SIUC team discovers new species of frog in Amazon rain forest
A team from Southern Illinois University Carbondale (SIUC) recently came back from the Amazon rain forest with news of the discovery of a new species of rain frog. The new species, called Pristimantis pluvialis, is the result of years of searching, often by headlamp and on foot, by the SIUC team.
Alessandro Catenazzi, assistant professor of zoology at SIU, , has been studying the Amazon rain forests for 20 years.
Along with Catenazzi, lead author and SIU doctoral student Alex Shepack joined a team with members from the University of Michigan and the National University of San Antonio Abad of Cusco in Peru to journey to southern Peru to discover the new rain frog, as well as other specimens of new species within the private conservation area Bosque Nublado and within the Huachiperi Haramba Queros Conservation Concession.

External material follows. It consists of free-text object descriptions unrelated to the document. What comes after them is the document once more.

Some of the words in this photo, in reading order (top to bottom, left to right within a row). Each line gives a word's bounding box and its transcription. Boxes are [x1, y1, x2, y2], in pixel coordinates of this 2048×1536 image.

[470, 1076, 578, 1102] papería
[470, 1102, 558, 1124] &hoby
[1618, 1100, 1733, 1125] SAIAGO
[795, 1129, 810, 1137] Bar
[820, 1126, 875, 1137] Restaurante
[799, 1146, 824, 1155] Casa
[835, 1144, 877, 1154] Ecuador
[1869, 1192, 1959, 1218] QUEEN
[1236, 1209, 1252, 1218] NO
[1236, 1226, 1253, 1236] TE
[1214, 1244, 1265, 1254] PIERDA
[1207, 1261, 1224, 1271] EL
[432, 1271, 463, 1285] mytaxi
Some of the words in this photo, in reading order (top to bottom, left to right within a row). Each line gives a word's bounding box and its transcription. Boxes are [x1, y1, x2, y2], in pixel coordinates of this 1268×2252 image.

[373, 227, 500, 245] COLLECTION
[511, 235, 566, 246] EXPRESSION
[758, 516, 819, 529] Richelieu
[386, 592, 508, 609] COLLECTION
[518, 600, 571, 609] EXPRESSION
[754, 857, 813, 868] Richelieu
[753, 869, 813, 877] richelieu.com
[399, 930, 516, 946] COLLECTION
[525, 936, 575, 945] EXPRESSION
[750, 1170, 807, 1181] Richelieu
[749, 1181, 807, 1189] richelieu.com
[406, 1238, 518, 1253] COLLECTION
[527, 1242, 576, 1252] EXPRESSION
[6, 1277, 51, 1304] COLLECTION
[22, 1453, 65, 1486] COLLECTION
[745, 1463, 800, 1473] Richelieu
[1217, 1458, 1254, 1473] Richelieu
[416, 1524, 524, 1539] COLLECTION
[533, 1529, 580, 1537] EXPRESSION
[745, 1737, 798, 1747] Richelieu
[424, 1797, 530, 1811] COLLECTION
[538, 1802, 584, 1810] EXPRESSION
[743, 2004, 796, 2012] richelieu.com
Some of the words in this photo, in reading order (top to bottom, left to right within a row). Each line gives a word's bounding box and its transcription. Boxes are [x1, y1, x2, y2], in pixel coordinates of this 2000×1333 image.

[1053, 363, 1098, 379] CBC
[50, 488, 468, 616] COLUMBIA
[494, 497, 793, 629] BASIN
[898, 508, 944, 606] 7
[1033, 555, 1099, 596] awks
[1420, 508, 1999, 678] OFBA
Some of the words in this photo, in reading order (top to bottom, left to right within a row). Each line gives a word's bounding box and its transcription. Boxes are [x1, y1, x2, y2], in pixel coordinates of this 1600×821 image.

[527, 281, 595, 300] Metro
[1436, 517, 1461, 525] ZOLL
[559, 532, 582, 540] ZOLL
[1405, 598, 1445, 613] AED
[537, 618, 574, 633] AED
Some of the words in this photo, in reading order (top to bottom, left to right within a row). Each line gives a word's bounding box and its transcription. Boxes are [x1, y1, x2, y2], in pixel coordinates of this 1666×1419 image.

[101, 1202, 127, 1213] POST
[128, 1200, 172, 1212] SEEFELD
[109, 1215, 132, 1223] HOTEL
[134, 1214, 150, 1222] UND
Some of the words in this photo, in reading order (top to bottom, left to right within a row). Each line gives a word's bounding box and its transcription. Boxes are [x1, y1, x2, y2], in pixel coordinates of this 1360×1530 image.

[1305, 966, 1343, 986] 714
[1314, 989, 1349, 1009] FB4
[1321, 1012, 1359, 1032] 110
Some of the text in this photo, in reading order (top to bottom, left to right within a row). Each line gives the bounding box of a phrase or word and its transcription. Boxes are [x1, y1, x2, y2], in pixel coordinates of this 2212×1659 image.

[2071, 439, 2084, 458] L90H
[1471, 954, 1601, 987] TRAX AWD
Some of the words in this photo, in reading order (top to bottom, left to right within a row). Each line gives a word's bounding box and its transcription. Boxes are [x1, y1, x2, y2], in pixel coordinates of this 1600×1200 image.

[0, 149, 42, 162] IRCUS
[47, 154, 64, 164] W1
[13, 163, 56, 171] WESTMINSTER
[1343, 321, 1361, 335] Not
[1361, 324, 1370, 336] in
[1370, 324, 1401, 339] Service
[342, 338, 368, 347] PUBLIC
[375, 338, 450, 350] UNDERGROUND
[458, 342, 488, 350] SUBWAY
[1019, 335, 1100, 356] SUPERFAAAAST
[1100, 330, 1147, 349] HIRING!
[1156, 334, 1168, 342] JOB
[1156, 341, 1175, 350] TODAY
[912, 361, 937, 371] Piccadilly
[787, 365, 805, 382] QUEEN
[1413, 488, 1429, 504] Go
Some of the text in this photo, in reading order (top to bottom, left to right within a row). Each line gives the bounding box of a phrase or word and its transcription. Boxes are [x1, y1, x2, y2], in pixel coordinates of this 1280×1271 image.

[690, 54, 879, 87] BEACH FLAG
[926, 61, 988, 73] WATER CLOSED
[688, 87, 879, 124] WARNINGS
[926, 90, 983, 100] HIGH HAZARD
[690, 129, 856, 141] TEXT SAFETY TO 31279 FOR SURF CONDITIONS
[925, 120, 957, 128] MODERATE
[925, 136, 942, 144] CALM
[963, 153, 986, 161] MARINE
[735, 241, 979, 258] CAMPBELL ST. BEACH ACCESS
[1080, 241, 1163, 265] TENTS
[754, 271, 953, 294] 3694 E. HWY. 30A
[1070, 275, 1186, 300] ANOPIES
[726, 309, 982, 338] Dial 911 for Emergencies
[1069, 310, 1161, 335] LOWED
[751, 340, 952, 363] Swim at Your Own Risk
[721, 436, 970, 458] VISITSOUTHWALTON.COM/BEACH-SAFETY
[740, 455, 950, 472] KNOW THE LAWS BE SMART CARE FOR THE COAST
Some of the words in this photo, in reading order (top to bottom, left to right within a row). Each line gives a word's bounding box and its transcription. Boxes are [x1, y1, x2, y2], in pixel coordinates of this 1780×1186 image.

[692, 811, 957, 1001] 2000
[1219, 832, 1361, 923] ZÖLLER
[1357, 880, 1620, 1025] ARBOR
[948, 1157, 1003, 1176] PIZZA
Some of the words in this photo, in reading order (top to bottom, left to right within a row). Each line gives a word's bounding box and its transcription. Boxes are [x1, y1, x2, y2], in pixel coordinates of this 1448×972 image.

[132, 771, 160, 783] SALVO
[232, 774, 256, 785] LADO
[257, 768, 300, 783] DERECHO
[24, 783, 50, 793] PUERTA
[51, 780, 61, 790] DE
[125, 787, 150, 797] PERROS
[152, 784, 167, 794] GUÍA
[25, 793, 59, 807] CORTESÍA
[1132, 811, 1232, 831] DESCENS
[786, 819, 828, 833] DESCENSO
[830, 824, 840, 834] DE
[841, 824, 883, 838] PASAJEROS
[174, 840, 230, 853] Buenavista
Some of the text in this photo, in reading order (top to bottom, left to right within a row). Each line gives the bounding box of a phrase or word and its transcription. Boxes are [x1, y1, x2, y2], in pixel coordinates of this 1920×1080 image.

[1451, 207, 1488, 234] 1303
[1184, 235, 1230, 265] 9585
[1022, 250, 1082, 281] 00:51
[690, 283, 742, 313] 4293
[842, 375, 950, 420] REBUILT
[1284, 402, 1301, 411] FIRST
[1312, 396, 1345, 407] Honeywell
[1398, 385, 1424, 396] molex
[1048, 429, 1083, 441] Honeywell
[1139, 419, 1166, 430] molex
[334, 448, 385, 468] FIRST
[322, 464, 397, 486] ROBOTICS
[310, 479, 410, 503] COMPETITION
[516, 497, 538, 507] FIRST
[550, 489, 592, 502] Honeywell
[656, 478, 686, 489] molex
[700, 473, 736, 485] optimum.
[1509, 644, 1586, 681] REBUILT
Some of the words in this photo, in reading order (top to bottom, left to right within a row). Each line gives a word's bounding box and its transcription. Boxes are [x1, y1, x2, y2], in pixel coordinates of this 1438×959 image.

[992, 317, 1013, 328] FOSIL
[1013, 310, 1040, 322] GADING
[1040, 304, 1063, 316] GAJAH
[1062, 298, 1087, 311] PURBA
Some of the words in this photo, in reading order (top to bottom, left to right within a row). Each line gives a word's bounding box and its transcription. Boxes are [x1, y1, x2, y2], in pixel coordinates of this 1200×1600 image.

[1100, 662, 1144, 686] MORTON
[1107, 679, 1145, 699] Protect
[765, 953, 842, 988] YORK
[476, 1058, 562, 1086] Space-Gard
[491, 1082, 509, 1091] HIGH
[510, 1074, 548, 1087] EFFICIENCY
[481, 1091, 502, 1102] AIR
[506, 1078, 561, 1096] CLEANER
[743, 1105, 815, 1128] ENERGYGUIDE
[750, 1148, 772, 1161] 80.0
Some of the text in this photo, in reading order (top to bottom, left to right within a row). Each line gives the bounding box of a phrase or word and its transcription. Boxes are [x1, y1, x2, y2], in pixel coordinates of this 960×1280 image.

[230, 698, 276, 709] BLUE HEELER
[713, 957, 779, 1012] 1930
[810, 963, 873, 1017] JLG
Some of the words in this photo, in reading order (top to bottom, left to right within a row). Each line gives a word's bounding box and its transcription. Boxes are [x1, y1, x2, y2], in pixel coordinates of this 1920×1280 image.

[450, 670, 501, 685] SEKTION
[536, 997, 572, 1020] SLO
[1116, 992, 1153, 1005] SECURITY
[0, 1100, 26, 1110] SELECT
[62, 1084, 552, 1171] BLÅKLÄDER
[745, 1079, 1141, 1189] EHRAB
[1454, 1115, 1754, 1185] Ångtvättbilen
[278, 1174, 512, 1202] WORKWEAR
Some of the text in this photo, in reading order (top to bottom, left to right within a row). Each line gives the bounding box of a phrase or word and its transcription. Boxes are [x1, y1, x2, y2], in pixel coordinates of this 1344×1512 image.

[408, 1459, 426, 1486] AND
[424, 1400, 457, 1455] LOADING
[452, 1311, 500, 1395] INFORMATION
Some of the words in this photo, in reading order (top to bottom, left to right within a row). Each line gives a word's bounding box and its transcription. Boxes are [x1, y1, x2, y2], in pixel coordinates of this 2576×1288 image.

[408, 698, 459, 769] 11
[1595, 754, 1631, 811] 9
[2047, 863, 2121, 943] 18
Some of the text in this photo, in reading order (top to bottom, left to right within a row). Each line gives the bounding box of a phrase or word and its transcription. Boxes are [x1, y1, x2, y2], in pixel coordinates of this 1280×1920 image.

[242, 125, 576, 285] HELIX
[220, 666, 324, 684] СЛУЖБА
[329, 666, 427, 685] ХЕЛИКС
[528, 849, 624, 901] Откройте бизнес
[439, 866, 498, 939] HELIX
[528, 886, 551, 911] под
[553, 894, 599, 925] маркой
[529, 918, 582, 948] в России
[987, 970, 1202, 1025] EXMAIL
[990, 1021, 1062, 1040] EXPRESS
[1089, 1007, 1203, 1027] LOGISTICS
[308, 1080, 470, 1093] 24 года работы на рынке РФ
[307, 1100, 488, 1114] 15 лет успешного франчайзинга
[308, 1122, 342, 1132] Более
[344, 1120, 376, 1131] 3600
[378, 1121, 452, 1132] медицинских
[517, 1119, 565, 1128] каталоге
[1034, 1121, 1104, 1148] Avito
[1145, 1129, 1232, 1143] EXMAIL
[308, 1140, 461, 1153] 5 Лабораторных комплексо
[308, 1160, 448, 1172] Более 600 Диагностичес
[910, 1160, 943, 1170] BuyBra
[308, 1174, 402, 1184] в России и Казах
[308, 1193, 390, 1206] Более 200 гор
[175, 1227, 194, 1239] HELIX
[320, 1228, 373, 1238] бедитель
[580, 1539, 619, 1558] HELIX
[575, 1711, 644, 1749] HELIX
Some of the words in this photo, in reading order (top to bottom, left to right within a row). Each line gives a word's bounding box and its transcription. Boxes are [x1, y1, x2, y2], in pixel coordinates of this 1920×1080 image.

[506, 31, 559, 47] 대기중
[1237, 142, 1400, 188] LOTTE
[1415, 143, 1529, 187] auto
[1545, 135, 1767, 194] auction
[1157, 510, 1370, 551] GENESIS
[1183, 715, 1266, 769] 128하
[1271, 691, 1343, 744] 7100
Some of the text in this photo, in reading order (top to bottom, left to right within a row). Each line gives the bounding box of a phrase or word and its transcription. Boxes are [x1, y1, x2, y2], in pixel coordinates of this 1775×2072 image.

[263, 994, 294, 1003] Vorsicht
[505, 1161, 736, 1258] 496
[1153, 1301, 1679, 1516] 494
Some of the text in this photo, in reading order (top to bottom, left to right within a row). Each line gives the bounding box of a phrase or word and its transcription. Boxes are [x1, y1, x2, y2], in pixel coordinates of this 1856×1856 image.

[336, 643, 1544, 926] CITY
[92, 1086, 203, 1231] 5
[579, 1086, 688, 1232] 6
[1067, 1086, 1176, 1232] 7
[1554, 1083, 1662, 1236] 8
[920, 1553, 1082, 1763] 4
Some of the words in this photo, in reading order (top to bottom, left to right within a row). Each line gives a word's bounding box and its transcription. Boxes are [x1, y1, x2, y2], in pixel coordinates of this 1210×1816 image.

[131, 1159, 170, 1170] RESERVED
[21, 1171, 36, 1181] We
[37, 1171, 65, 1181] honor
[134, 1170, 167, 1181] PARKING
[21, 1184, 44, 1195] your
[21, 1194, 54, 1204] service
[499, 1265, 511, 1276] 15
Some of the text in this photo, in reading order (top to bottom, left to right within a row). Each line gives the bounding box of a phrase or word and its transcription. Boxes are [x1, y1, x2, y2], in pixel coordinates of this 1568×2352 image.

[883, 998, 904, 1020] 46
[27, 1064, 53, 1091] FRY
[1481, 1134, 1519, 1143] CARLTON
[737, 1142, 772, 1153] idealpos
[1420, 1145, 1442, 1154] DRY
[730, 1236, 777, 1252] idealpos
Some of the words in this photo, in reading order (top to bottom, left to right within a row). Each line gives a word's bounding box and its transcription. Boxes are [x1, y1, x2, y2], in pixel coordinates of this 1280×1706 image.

The new frog’s name comes from the genus Pristimantis, which means the frog can live an entire life cycle without a tadpole stage, and pluvialis, which comes from the Latin pluvial, which means "pertaining to rain."
“I have long suspected this might be a new species, but because it is very similar to other species, and because bioacoustic and genetic data were missing for many of these similar species, it wasn't a priority,” Catenazzi said. Ultimately, however, with the publication of more genetic data and advertisement call of similar species, the team was able to classify the frog as its own species. Alex (Shepack) and I have been working in Peru since 2015, visiting field sites during the rainy season in January and the dry season in June. The field work involves walking along forest trails, creeks, ponds and such at night and using a headlamp to observe amphibians. Those that are potentially new we captured and collected for later analyses.”
The discovery was described in a recent article published in the open-access journal ZooKeys by Shepack.